WHAT YOU HAVE TO DO - Copy the data below exactly. Any pictures in it should be omitted.
[Start of Attachment]
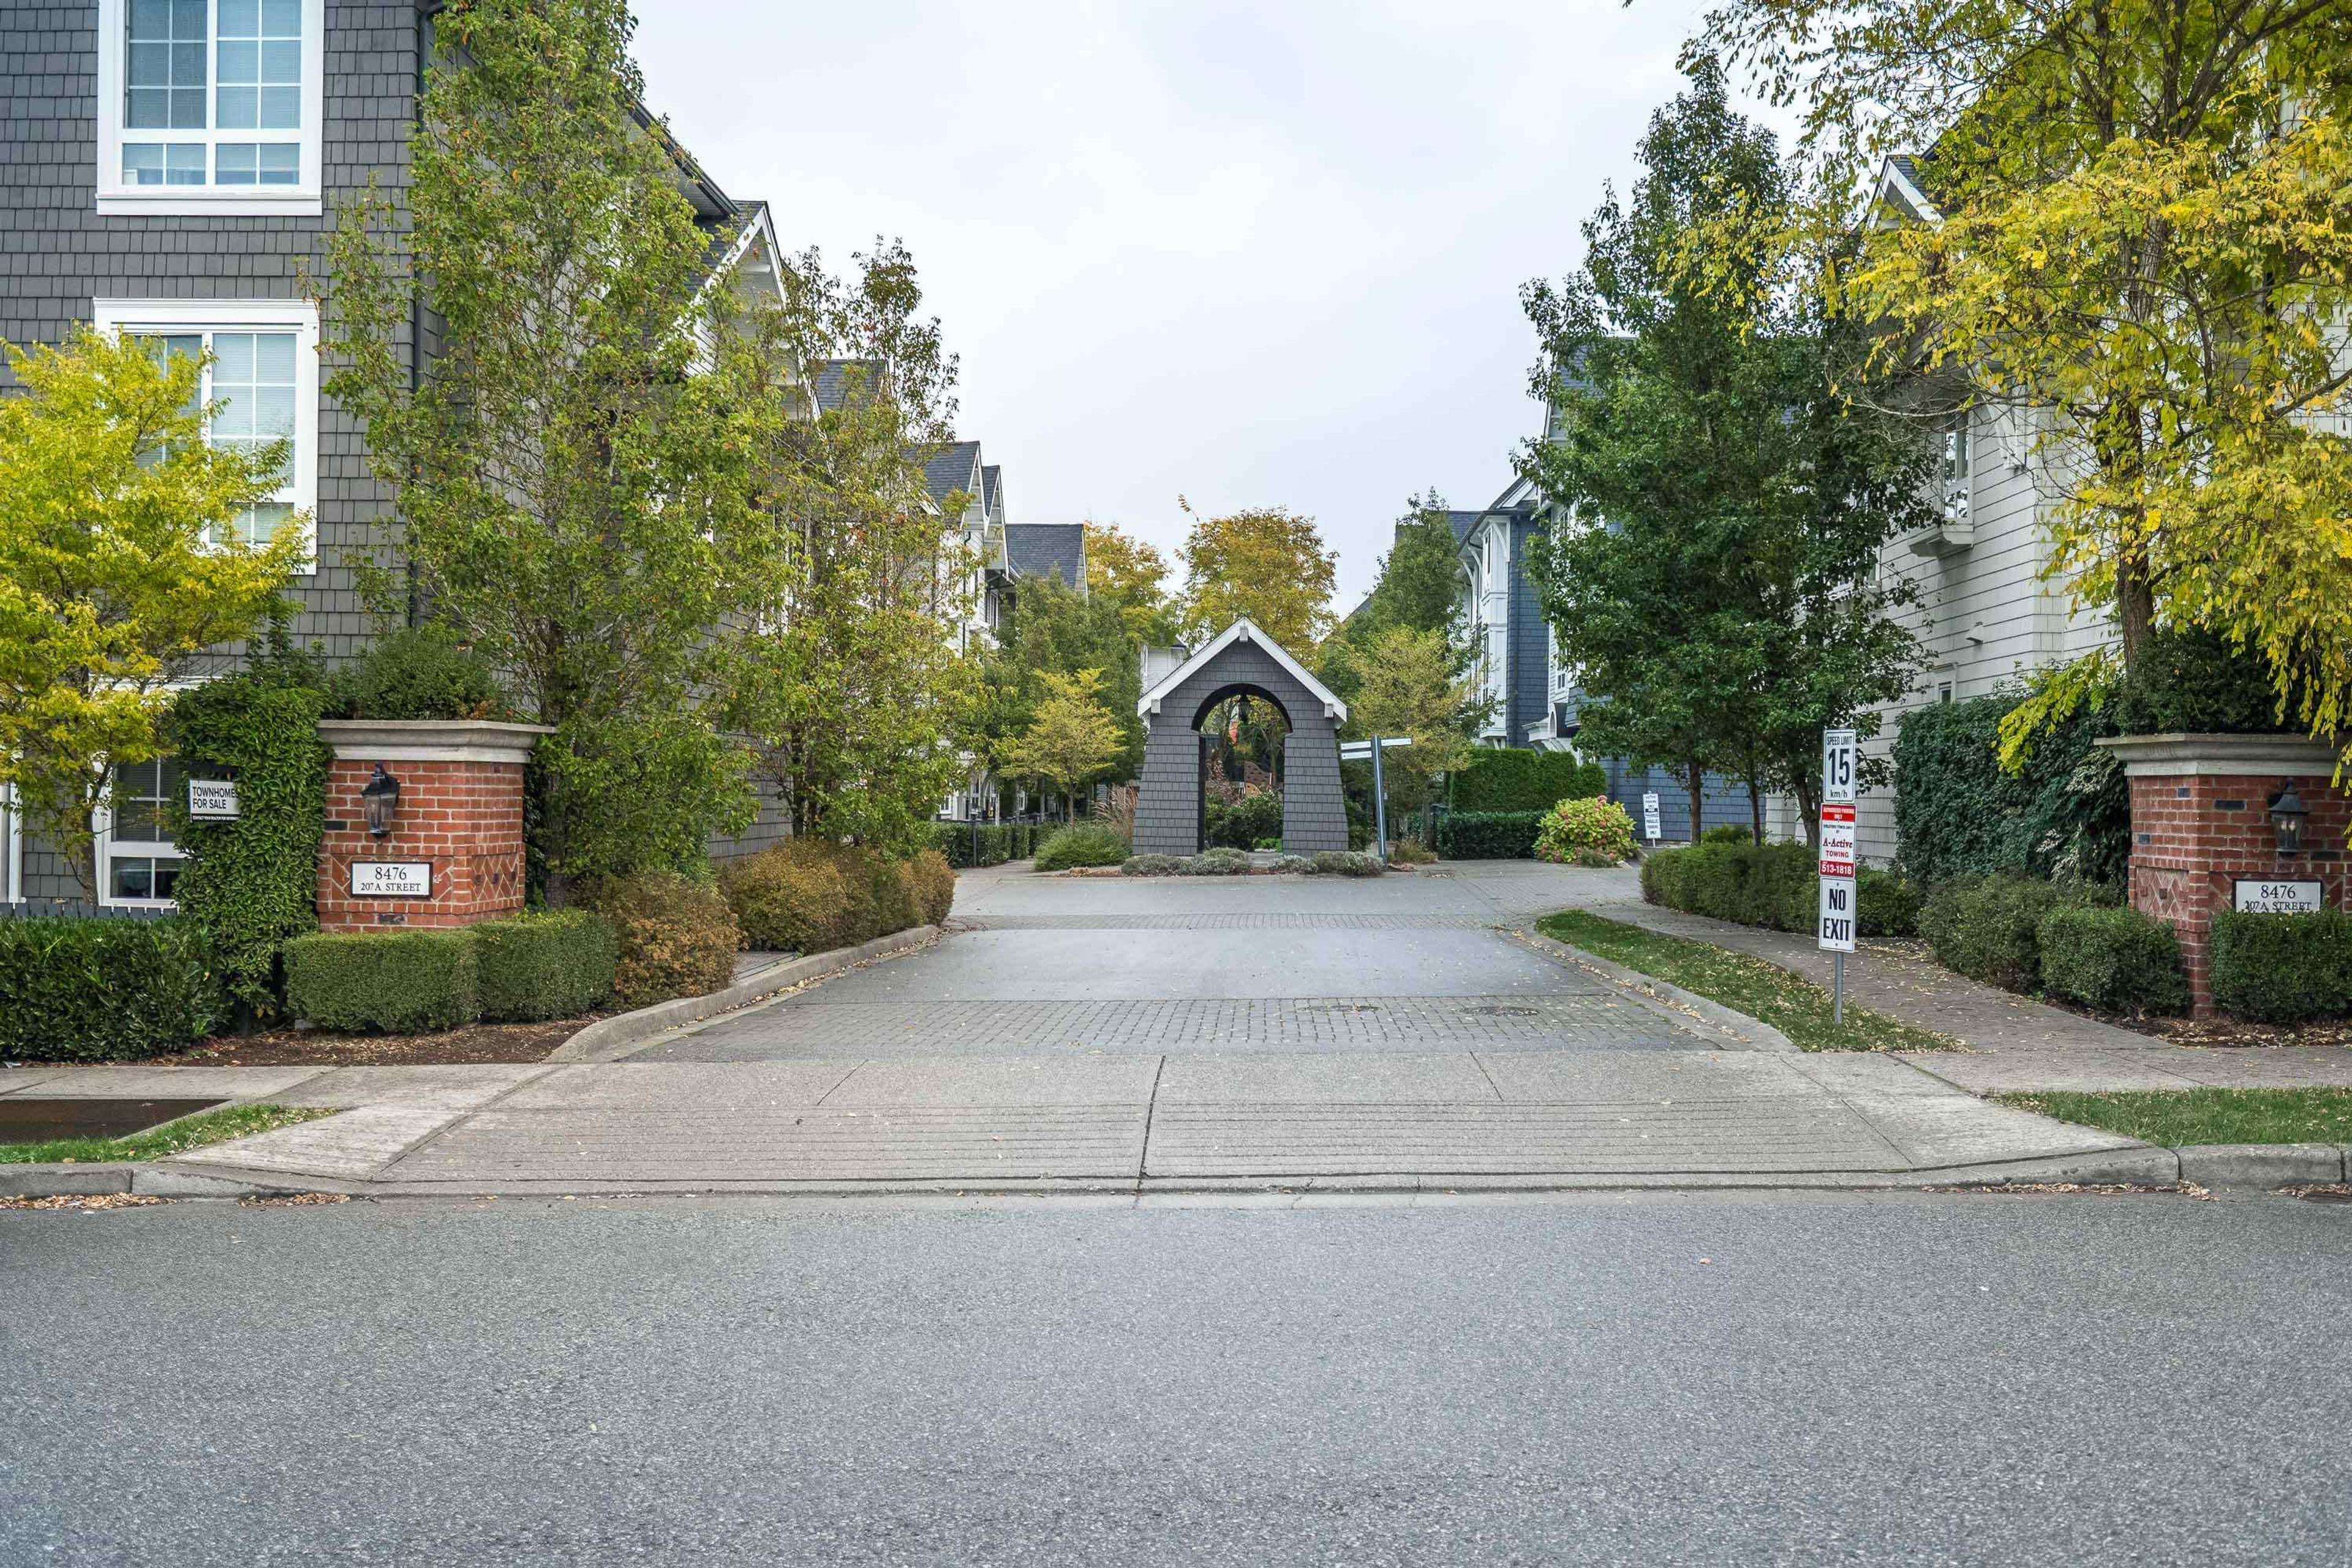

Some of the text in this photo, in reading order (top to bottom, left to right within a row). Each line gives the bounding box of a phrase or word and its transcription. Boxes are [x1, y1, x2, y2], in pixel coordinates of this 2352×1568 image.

[1827, 736, 1852, 745] SPEED LIMIT
[1828, 748, 1850, 785] 15
[1830, 790, 1847, 798] km/h
[193, 798, 226, 809] FOR SALE
[1823, 837, 1853, 848] A-Active
[375, 867, 407, 880] 8476
[1822, 864, 1852, 875] 513-1818
[385, 883, 421, 892] STREET
[2261, 884, 2296, 899] 8476
[1829, 888, 1846, 911] NO
[2272, 902, 2312, 910] STREET
[1823, 917, 1851, 941] EXIT
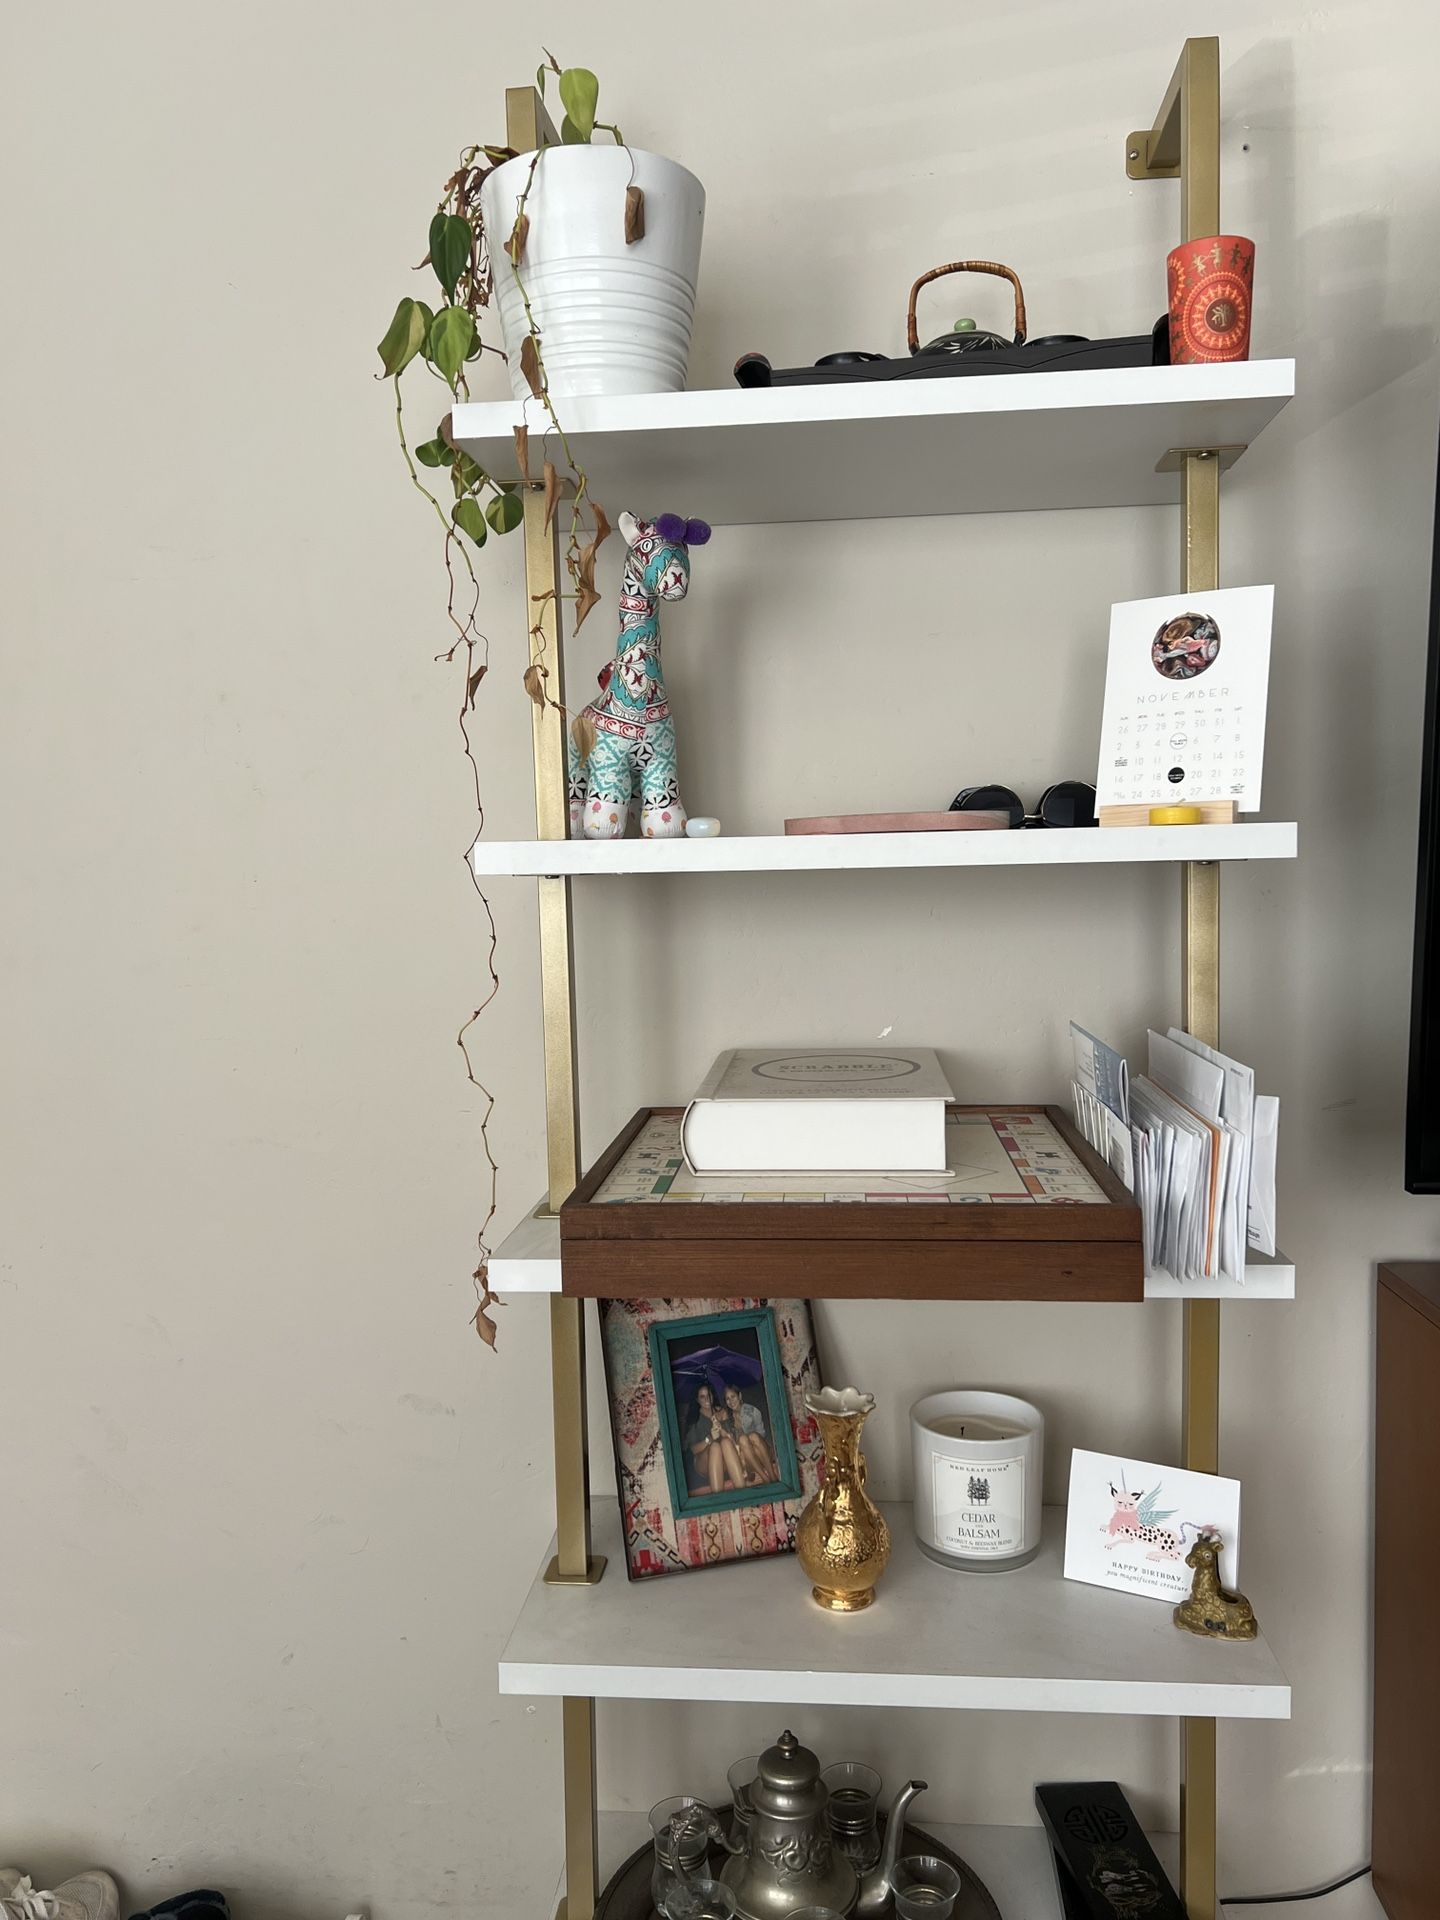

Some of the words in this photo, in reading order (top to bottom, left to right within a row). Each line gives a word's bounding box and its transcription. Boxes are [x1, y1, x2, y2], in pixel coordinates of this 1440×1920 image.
[End of Attachment]
COMPLETED EXERCISE -
Some of the text in this photo, in reading order (top to bottom, left to right within a row). Each line gives the bounding box of a phrase or word and its transcription. Boxes are [x1, y1, x2, y2], in pixel coordinates of this 2352×1568 image.

[1827, 736, 1852, 745] SPEED LIMIT
[1828, 748, 1850, 785] 15
[1830, 790, 1847, 798] km/h
[193, 798, 226, 809] FOR SALE
[1823, 837, 1853, 848] A-Active
[375, 867, 407, 880] 8476
[1822, 864, 1852, 875] 513-1818
[385, 883, 421, 892] STREET
[2261, 884, 2296, 899] 8476
[1829, 888, 1846, 911] NO
[2272, 902, 2312, 910] STREET
[1823, 917, 1851, 941] EXIT

Some of the words in this photo, in reading order (top to bottom, left to right within a row). Each line gives a word's bounding box and its transcription. Boxes are [x1, y1, x2, y2], in pixel coordinates of this 1440×1920 image.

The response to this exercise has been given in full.